Data extracts Block Start

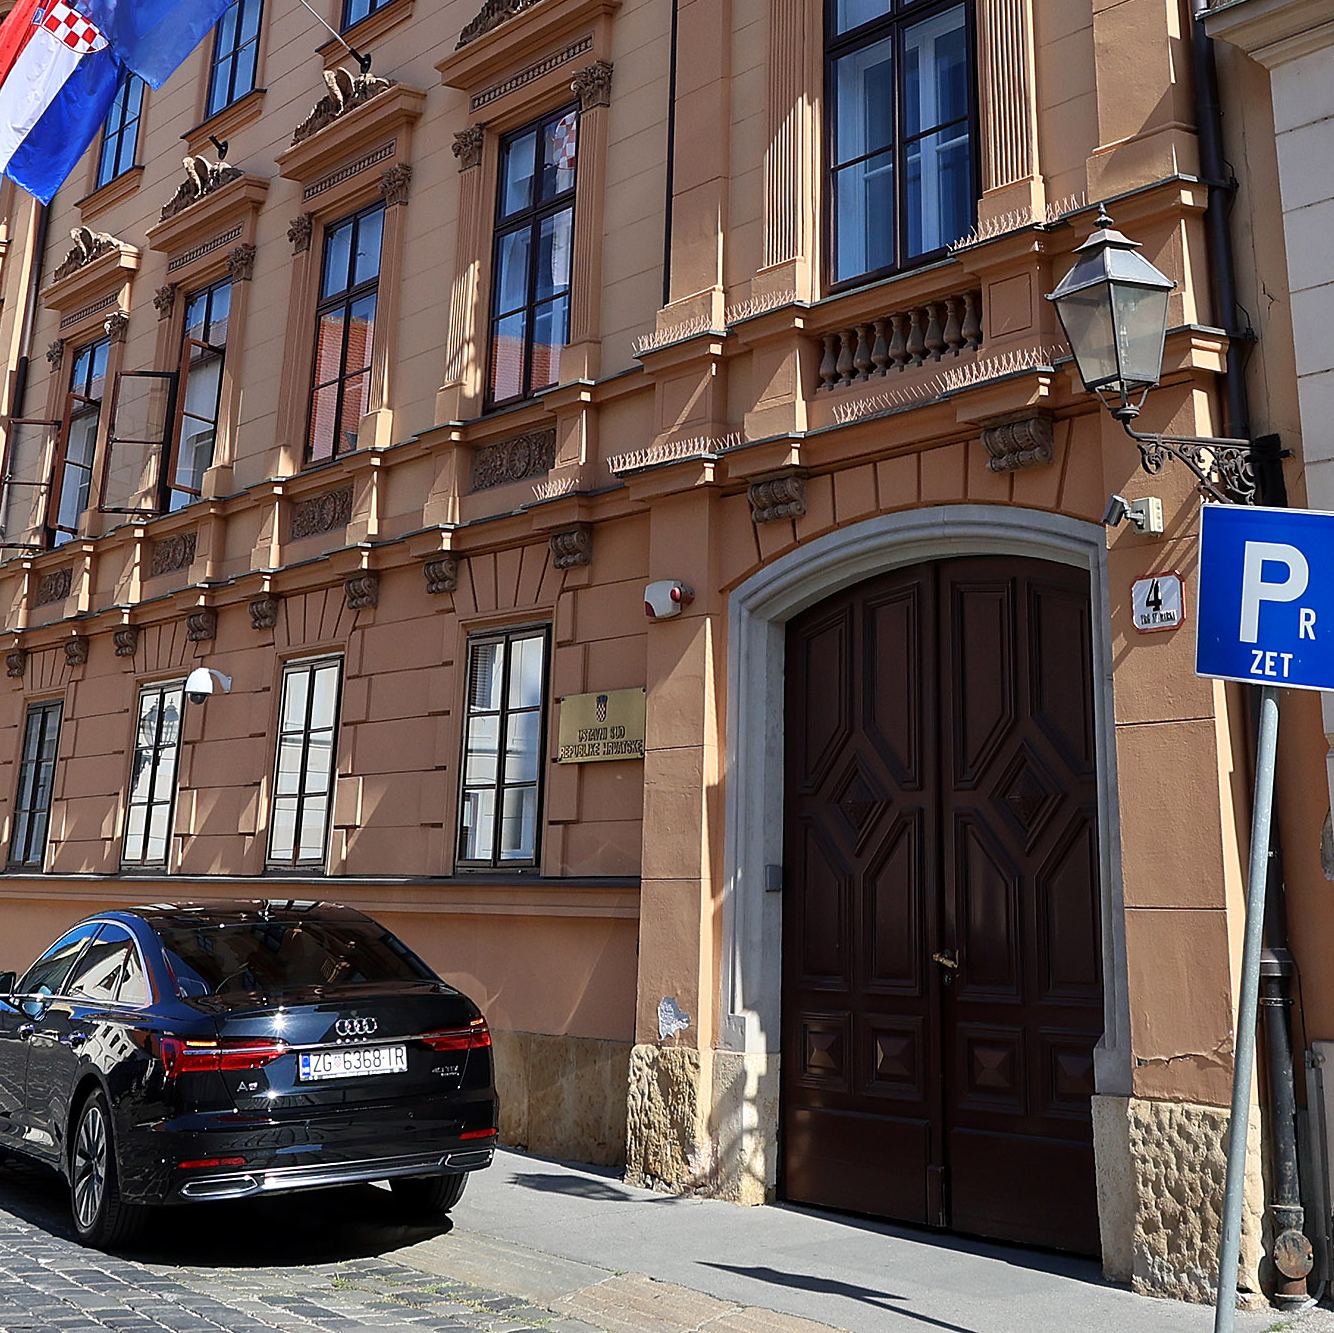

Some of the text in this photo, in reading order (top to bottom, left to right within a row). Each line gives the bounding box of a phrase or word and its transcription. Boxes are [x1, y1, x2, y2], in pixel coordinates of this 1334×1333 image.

[1146, 578, 1162, 612] 4
[1239, 541, 1309, 644] P
[1299, 608, 1316, 641] R
[1250, 650, 1293, 678] ZET
[578, 725, 626, 743] USTAVNI SUD
[560, 739, 644, 759] REPUBLIKE HRVATSKE
[313, 1052, 332, 1073] ZG

Data extracts Block End

Could you retype every line above exactly as it appears, skipping the pictures?

Task result:
Some of the text in this photo, in reading order (top to bottom, left to right within a row). Each line gives the bounding box of a phrase or word and its transcription. Boxes are [x1, y1, x2, y2], in pixel coordinates of this 1334×1333 image.

[1146, 578, 1162, 612] 4
[1239, 541, 1309, 644] P
[1299, 608, 1316, 641] R
[1250, 650, 1293, 678] ZET
[578, 725, 626, 743] USTAVNI SUD
[560, 739, 644, 759] REPUBLIKE HRVATSKE
[313, 1052, 332, 1073] ZG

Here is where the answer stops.